RECORDED DATA >>
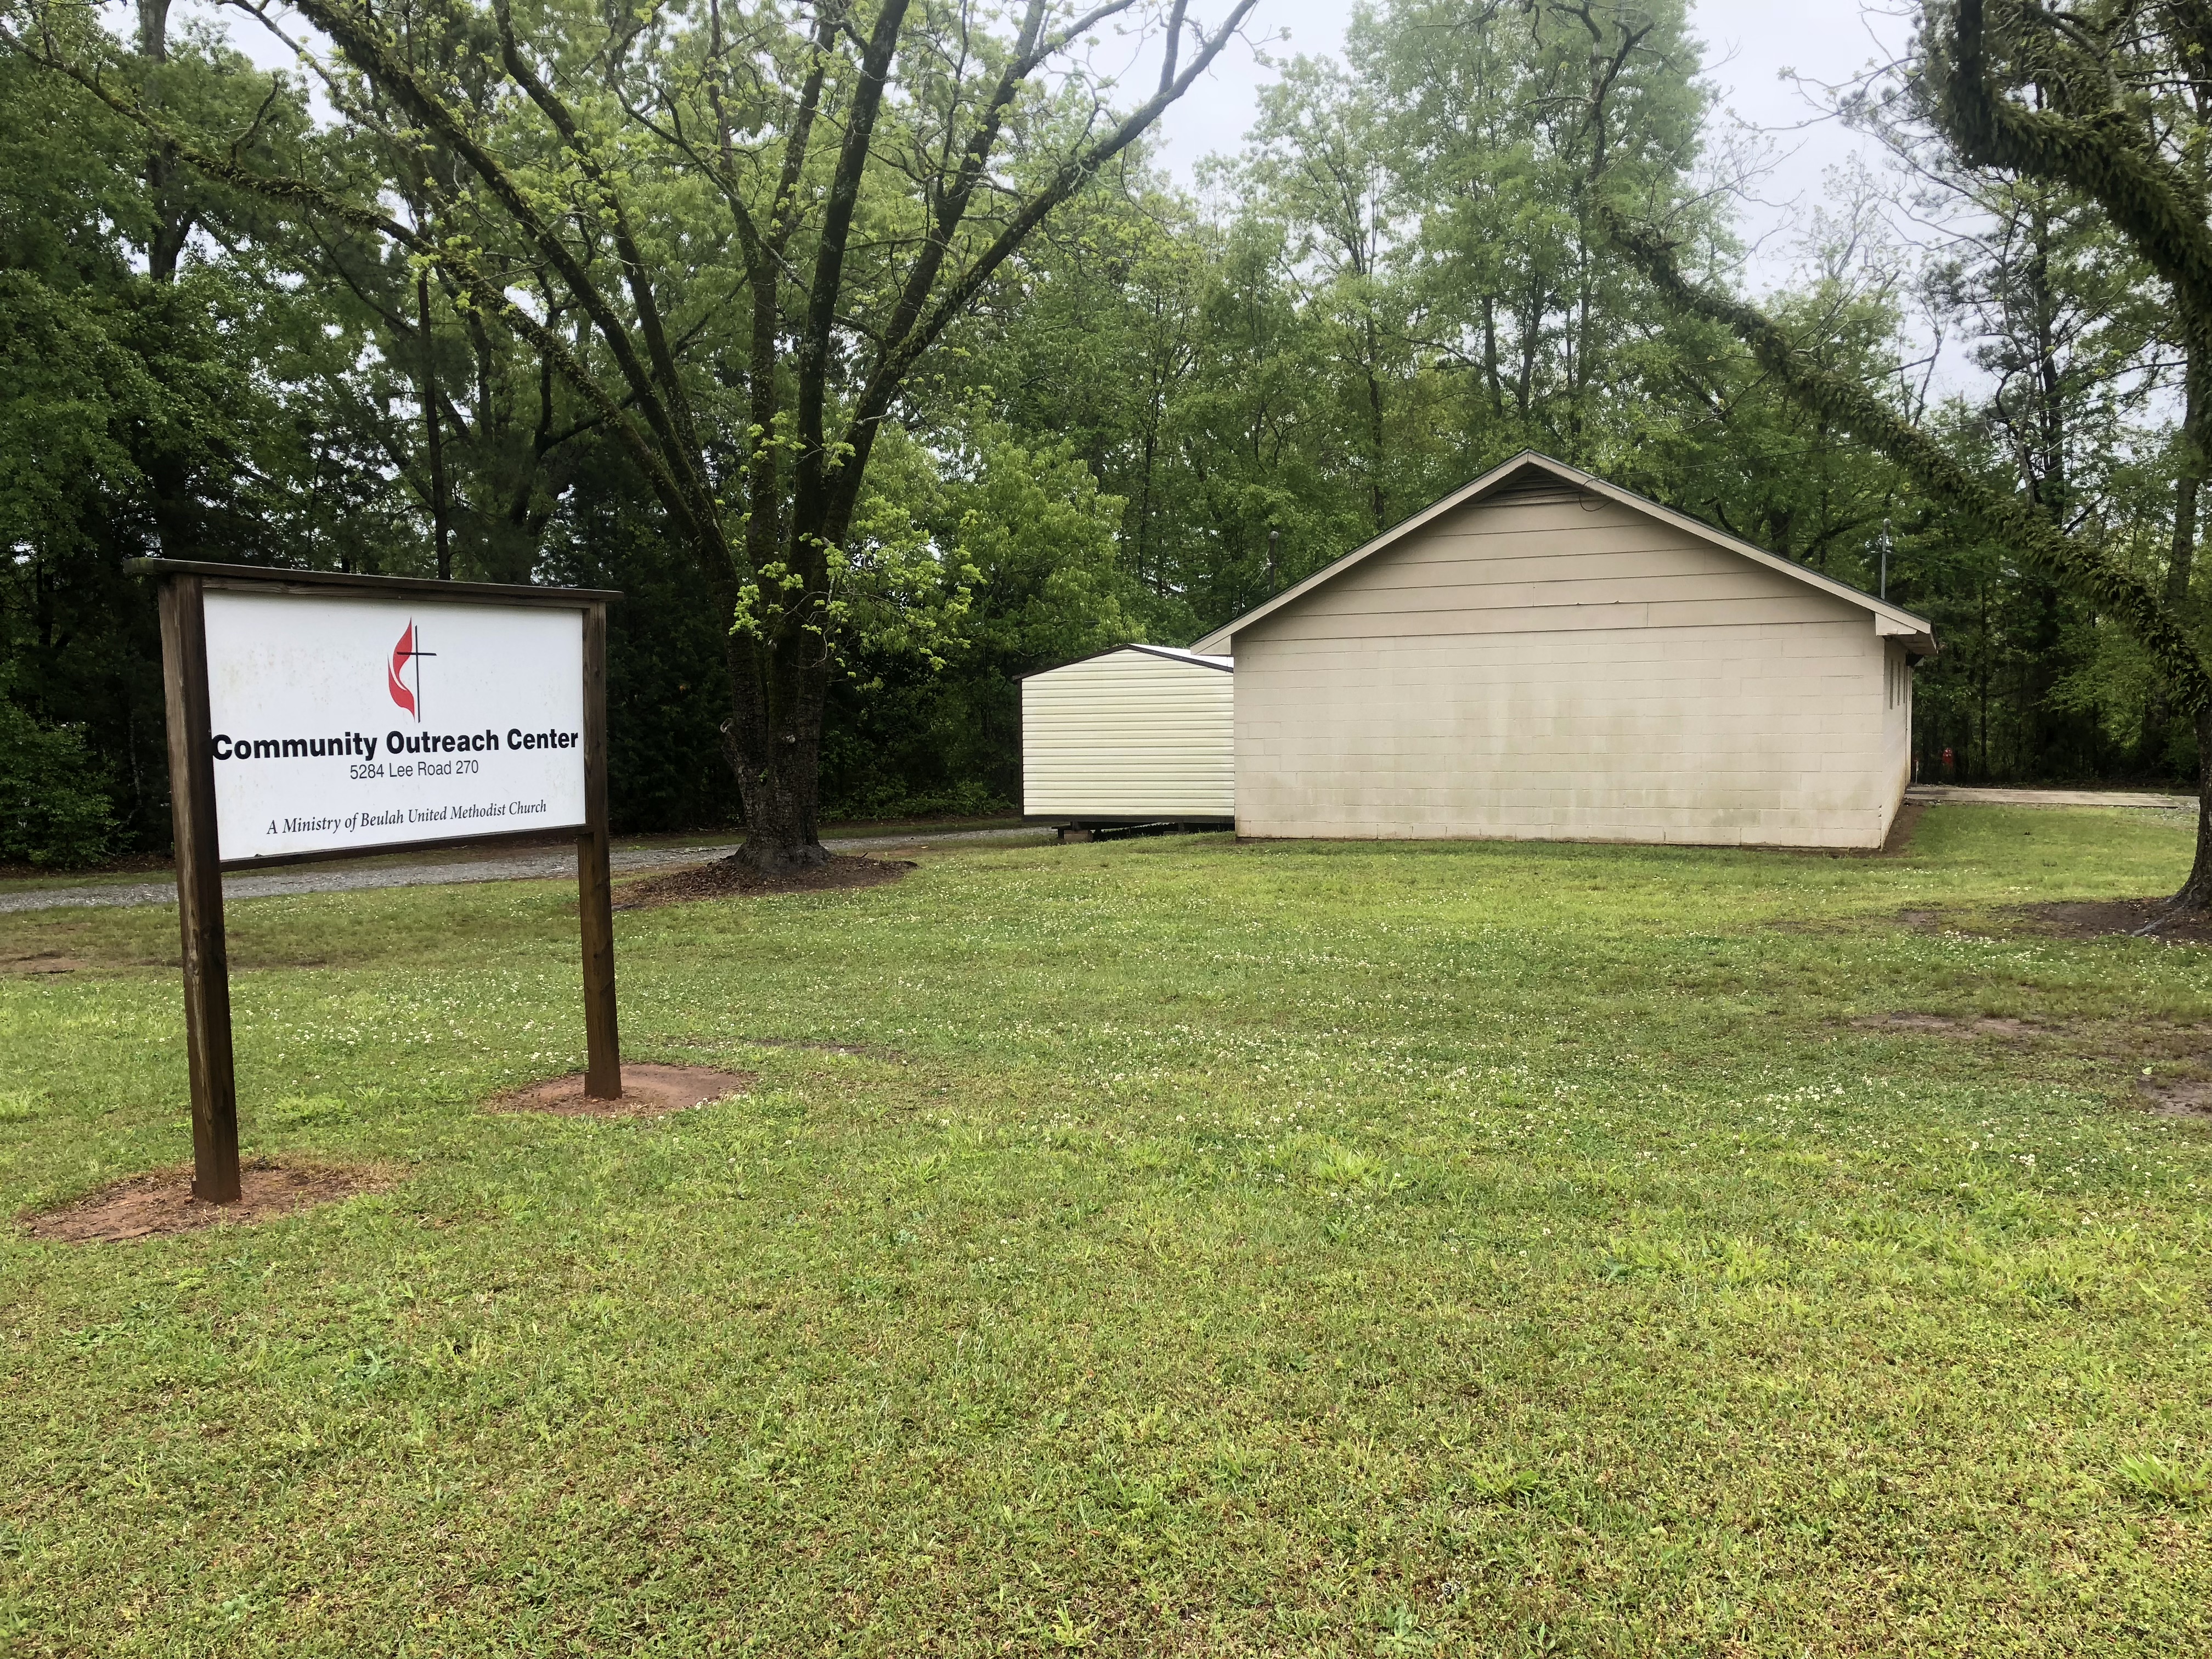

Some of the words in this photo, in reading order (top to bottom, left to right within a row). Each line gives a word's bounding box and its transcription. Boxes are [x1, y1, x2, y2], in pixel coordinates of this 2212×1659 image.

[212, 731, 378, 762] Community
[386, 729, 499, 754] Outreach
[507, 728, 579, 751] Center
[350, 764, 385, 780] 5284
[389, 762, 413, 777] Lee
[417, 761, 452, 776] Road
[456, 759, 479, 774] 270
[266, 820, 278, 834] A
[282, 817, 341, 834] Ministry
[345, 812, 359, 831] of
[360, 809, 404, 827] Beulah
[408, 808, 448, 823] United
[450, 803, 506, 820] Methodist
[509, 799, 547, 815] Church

WHAT THE EXERCISE ASKS >> Repeat every record above exactly, except the pictures.

COMPLETED TASK >>
Some of the words in this photo, in reading order (top to bottom, left to right within a row). Each line gives a word's bounding box and its transcription. Boxes are [x1, y1, x2, y2], in pixel coordinates of this 2212×1659 image.

[212, 731, 378, 762] Community
[386, 729, 499, 754] Outreach
[507, 728, 579, 751] Center
[350, 764, 385, 780] 5284
[389, 762, 413, 777] Lee
[417, 761, 452, 776] Road
[456, 759, 479, 774] 270
[266, 820, 278, 834] A
[282, 817, 341, 834] Ministry
[345, 812, 359, 831] of
[360, 809, 404, 827] Beulah
[408, 808, 448, 823] United
[450, 803, 506, 820] Methodist
[509, 799, 547, 815] Church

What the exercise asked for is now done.